General Data Protection Regulation (GDPR), given its form as a regulation, has direct applicability and direct effect in all EU member states as from 25th May 2018. Norway is a member of European Economic Area (EEA). GDPR has been deemed to be an EEA-relevant EU legal act, therefore it must be first incorporated into the EEA-Agreement before it can be implemented into national law in Norway. GDPR was adopted in the EEA-Agreement through a Joint Committee Decision on 6th July 2018.
The Personal Data Act (personopplysningsloven) implements GDPR in Norway by reference to incorporation of GDPR into the EEA Agreement. The Personal Data Act, including GDPR, entered into force in Norway on 20th July 2018.
Health care sector specific regulations
Prior to the implementation of GDPR, the Norwegian health care sector regulations had long been accounted for strong protection of health data, individual privacy and information security. While GDPR does not revolutionize the approach to privacy and data protection in the Norwegian health care sector, it does heighten the sector's awareness of the issue and focus on the issue.
GDPR provides for the possibility of implementing national sector specific regulation for as long as these regulations are not contradictory to GDPR. In preparation for the implementation of GDPR in Norway, the Norwegian Ministry of Health and Care Services (Helse- og omsorgsdepartementet) had reviewed all legal acts in health care sector and made necessary amendments to ensure compatibility with GDPR.
Following legal acts have accordingly been amended: the Health Records Act (pasientjournalloven), the Health Personell Act (helsepersonellloven), the Personal Health Data Filing System Act (helseregisterloven), the Health Research Act (helseforskningsloven) and the Patients and Users' Rights Act (pasient- og brukerrettighetsloven).
Norwegian Data Protection Authority (NDPA) (Datatilsynet) oversees and enforces the Personal Data Act. NDPA is an independent administrative body that reports annually to the Parliament (Storting). The decisions made by NDPA can be appealed to Norwegian Data Protection Tribunal (Personvernnemnda).
Notable impacts in health care sector
- Strengthening of individuals rights
GDPR strengthen the individual rights. This has led to more focus on patients and users' rights. Limitation to individual rights is only permitted by reference to a specific law. Example: right to deletion (right to be forgotten) is not applicable for patient records since the health personnel has a duty of documentation (dokumentasjonsplikt) under Health Personell Act.
- Amendment of code of conduct
GDPR encourages the use of code of conduct. Code of conduct for information security in the health and care sector (Normen) has been amended to ensure compatibility with GDPR. The scope of the code has also been extended to data protection. In line with this, the code is now called the Code of conduct for information security and data protection in the health and care sector in Norway.

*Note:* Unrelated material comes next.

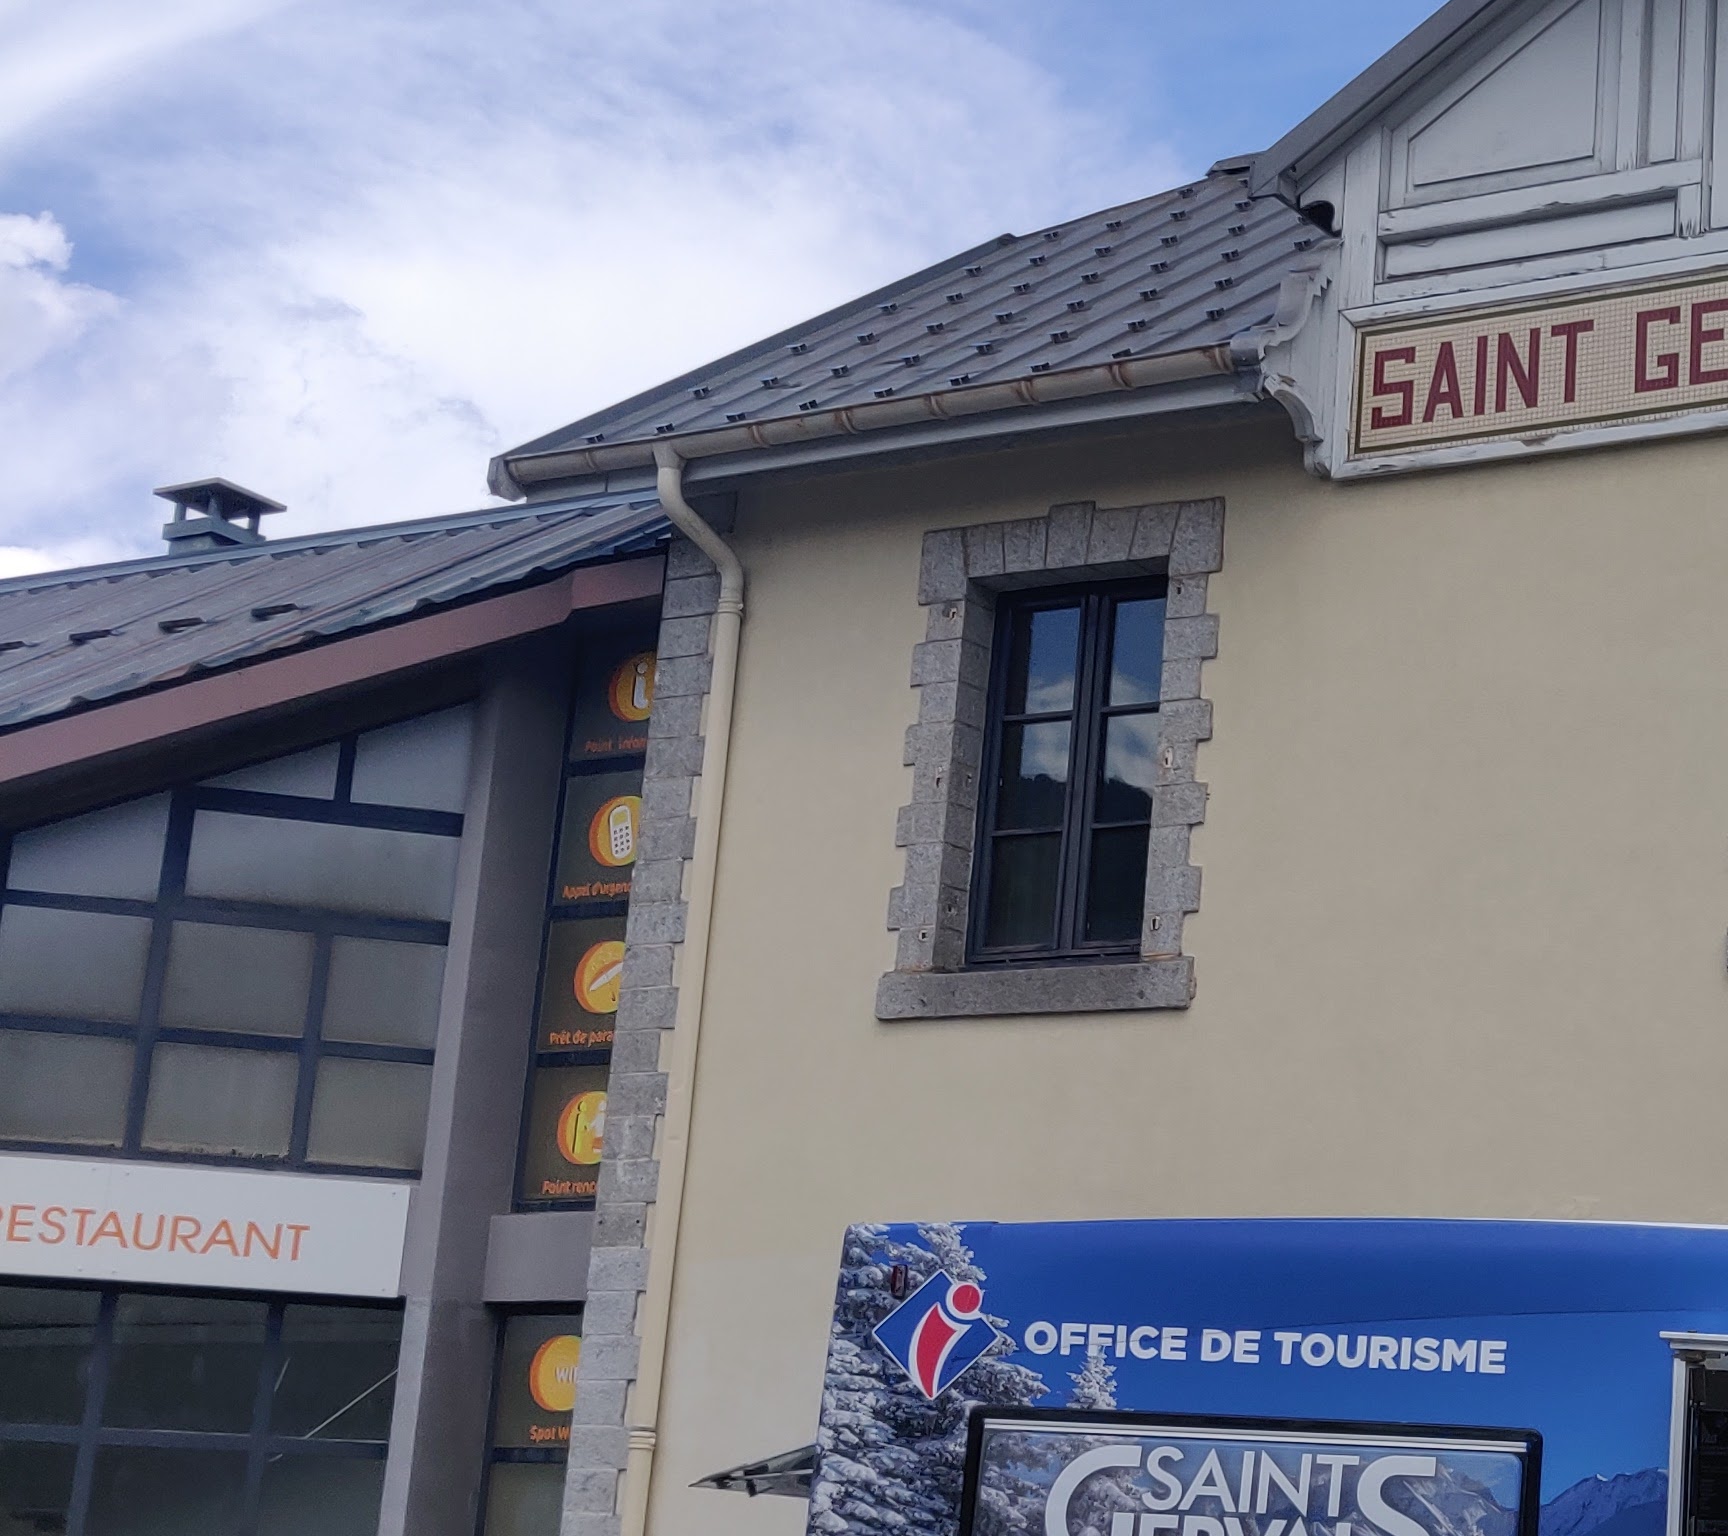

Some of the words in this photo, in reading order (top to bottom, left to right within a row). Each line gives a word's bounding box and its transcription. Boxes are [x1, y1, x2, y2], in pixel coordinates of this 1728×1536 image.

- Appointment of Data Protection Officer (DPO)
The appointment of a DPO for controllers or processors is mandatory under GDPR where the processing is carried out by a public authority or body, and in case of large-scale processing of sensitive personal data. This has led to appointment of many DPOs in the health care sector.
- REK prior approval
Approval from the Regional Committees for Medical and Health Research Ethics (REC) was previously considered as a necessary and adequate legal ground for processing of health personal data for research purposes. After the implementation of GDPR, this approval is no longer be regarded as necessary and adequate legal ground for processing. Legal ground for processing of health personal data for research purposes shall accordingly be limited to the legal grounds provided under GDPR.